Lastly, this article has several limitations to be noted. First, the research was conducted in four provinces in northern Thailand. Hence, the findings may not be representative of the whole country or the Southeast Asian region. Second, not all the 25 designated HPRS practices are guaranteed to result in favorable or intended changes in the production environments and natural resource base. As this article focused on the adoption side of the HPRS, ex-post assessment of the environmental, social, and economic impacts of the HPRS was beyond the scope, which would be left to another article. Third, the HPRS is a relatively new system in Thailand. Thus, there is not enough information yet to assess the long-term perspectives of adoption behavior among farmers, such as on the design and mode of the HPRS training needed, and the potential non-adoption of the practices or reverse conversion of farmland.

Author Contributions

Conceptualization: C.S. and T.W.T.; data curation: C.S.; formal analysis: C.S. and T.W.T.; funding acquisition: C.S., T.W.T. and N.S.; investigation: C.S., T.W.T., A.D. and N.S.; methodology: C.S. and T.W.T.; project administration: C.S.; resources: C.S., T.W.T., A.D. and N.S.; software: T.W.T.; supervision, T.W.T., A.D. and N.S.; validation: C.S., T.W.T., A.D. and N.S.; visualization: T.W.T.; writing—original draft: C.S.; writing—review and editing: T.W.T. All authors have read and agreed to the published version of the manuscript.

Funding

The authors acknowledge open-access publication funding from the UK Research and Innovation’s Global Challenges Research Fund (UKRI GCRF) through the Trade, Development, and the Environment Hub project (project number ES/S008160/1) led by the UN Environment Programme World Conservation Monitoring Centre (UNEP-WCMC). The field work was funded by the Ministry of Agriculture and Cooperatives Scholarship and the Asian Institute of Technology Fellowship.
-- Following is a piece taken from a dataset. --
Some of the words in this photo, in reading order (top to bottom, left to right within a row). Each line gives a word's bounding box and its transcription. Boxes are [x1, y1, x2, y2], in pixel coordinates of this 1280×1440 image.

Institutional Review Board Statement

Not applicable.

Informed Consent Statement

Informed consent was obtained from all respondents involved in the study.
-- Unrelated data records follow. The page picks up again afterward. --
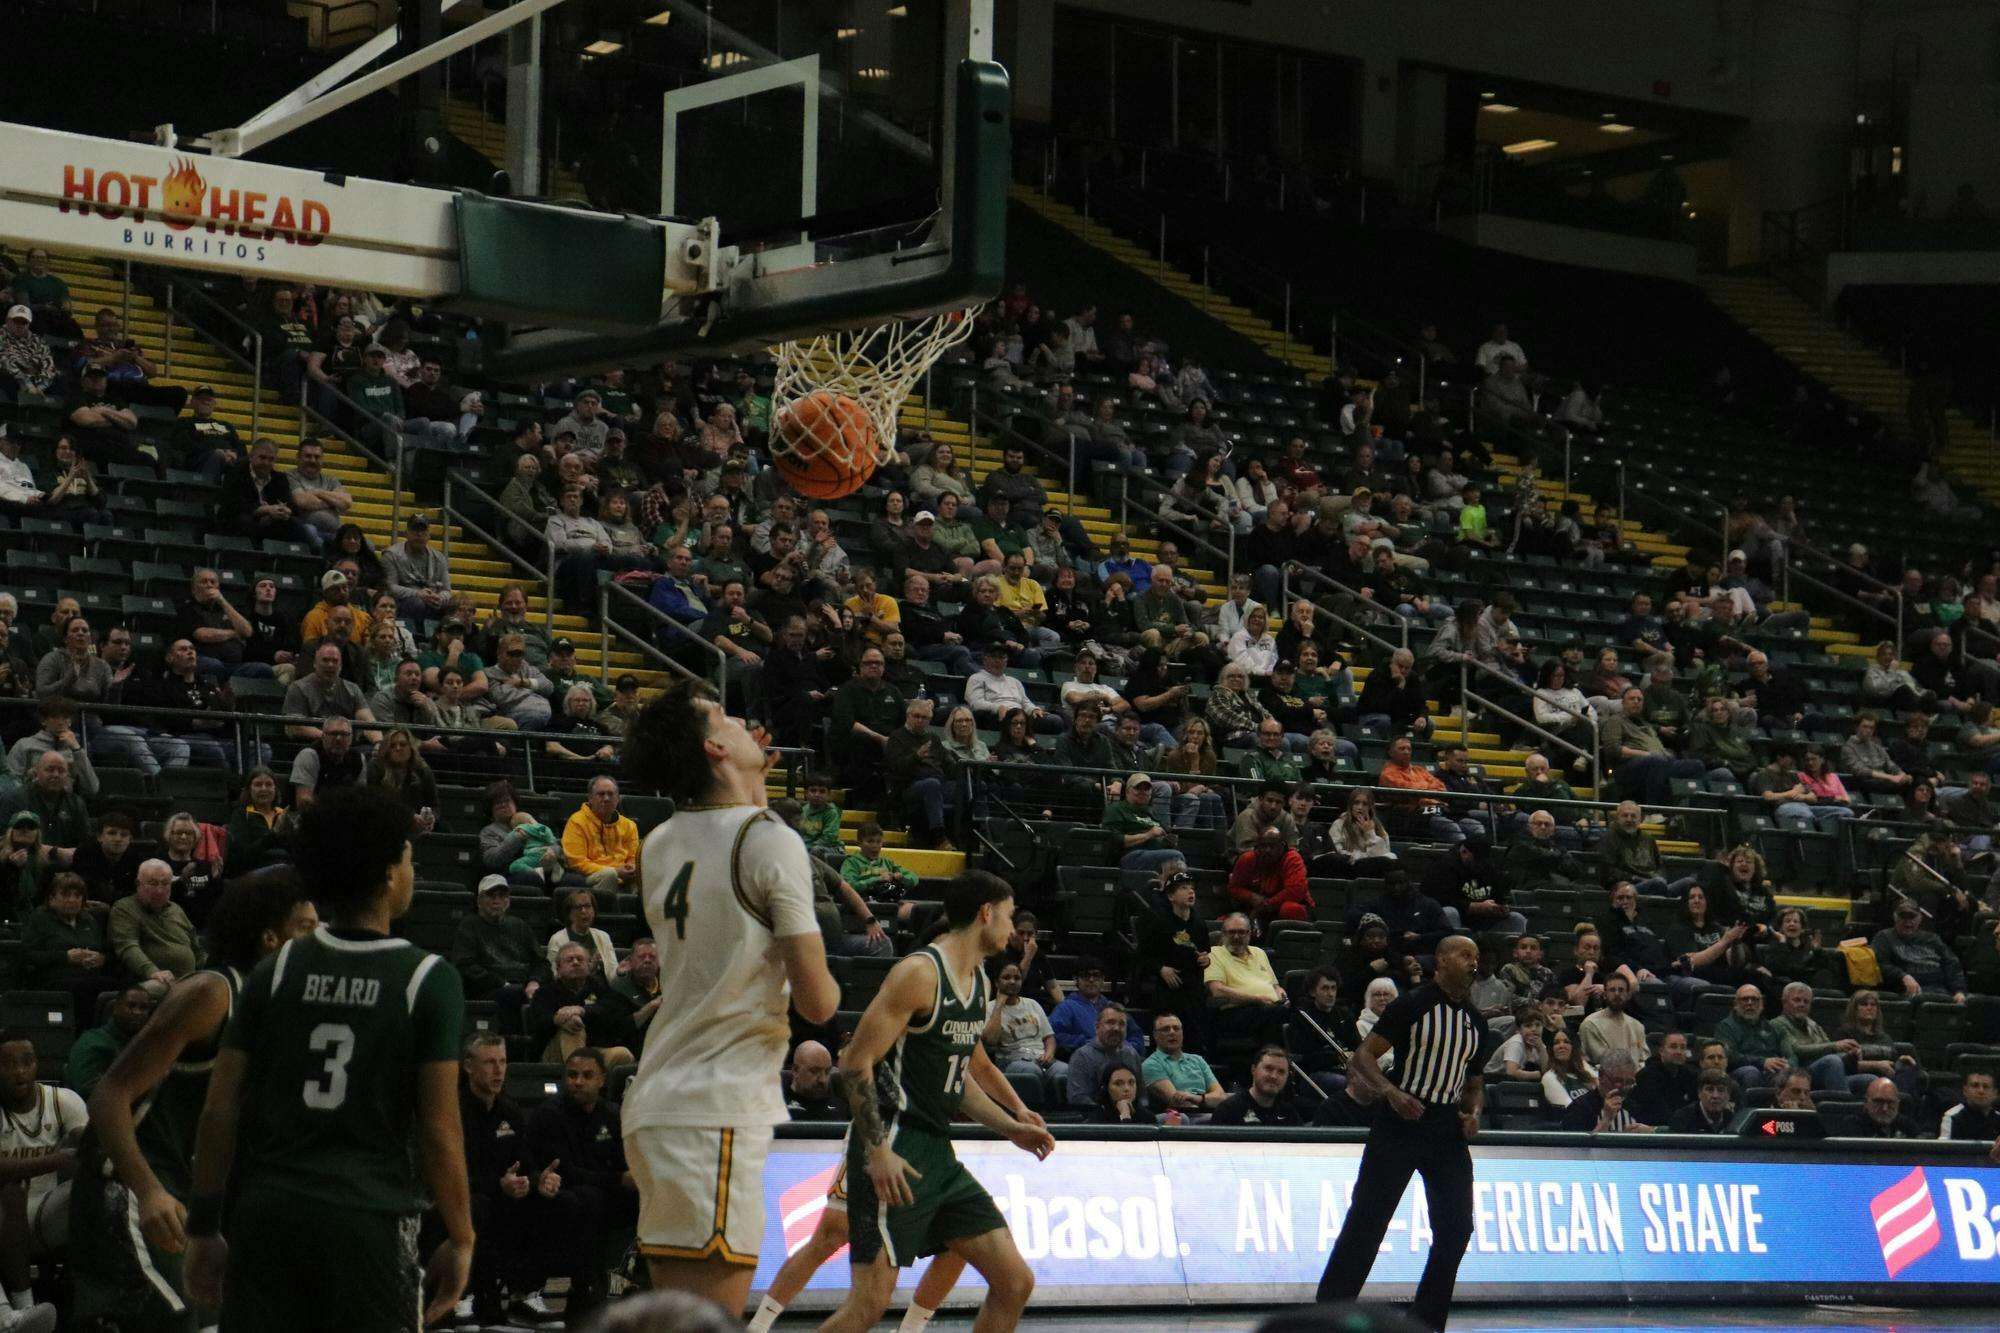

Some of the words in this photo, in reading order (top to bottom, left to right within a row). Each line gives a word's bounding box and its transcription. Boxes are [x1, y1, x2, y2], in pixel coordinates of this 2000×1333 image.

[59, 164, 158, 223] HOT
[205, 186, 331, 247] HEAD
[123, 228, 266, 261] BURRITOS
[663, 861, 695, 940] 4
[302, 973, 381, 1006] BEARD
[302, 1022, 356, 1109] 3
[951, 1033, 976, 1045] STATE
[1775, 1121, 1795, 1133] POSS
[1235, 1178, 1295, 1253] AN
[1639, 1182, 1768, 1254] SHAVE
[1942, 1178, 2000, 1260] B
Data Availability Statement

The data will be made available upon request to the corresponding author.

Acknowledgments

The authors extend gratitude to the interviewed farmers in northern Thailand, the Lampang Provincial Agricultural Land Reform Office (ALRO), and student assistants from Mae Cheam District, Chiang Mai Province and Mae Ramat District, Tak Province for their assistance during the field work in 2019–2020. Thitimar Chongtaku produced the map in Figure 1.

Conflicts of Interest

The authors declare no conflict of interest.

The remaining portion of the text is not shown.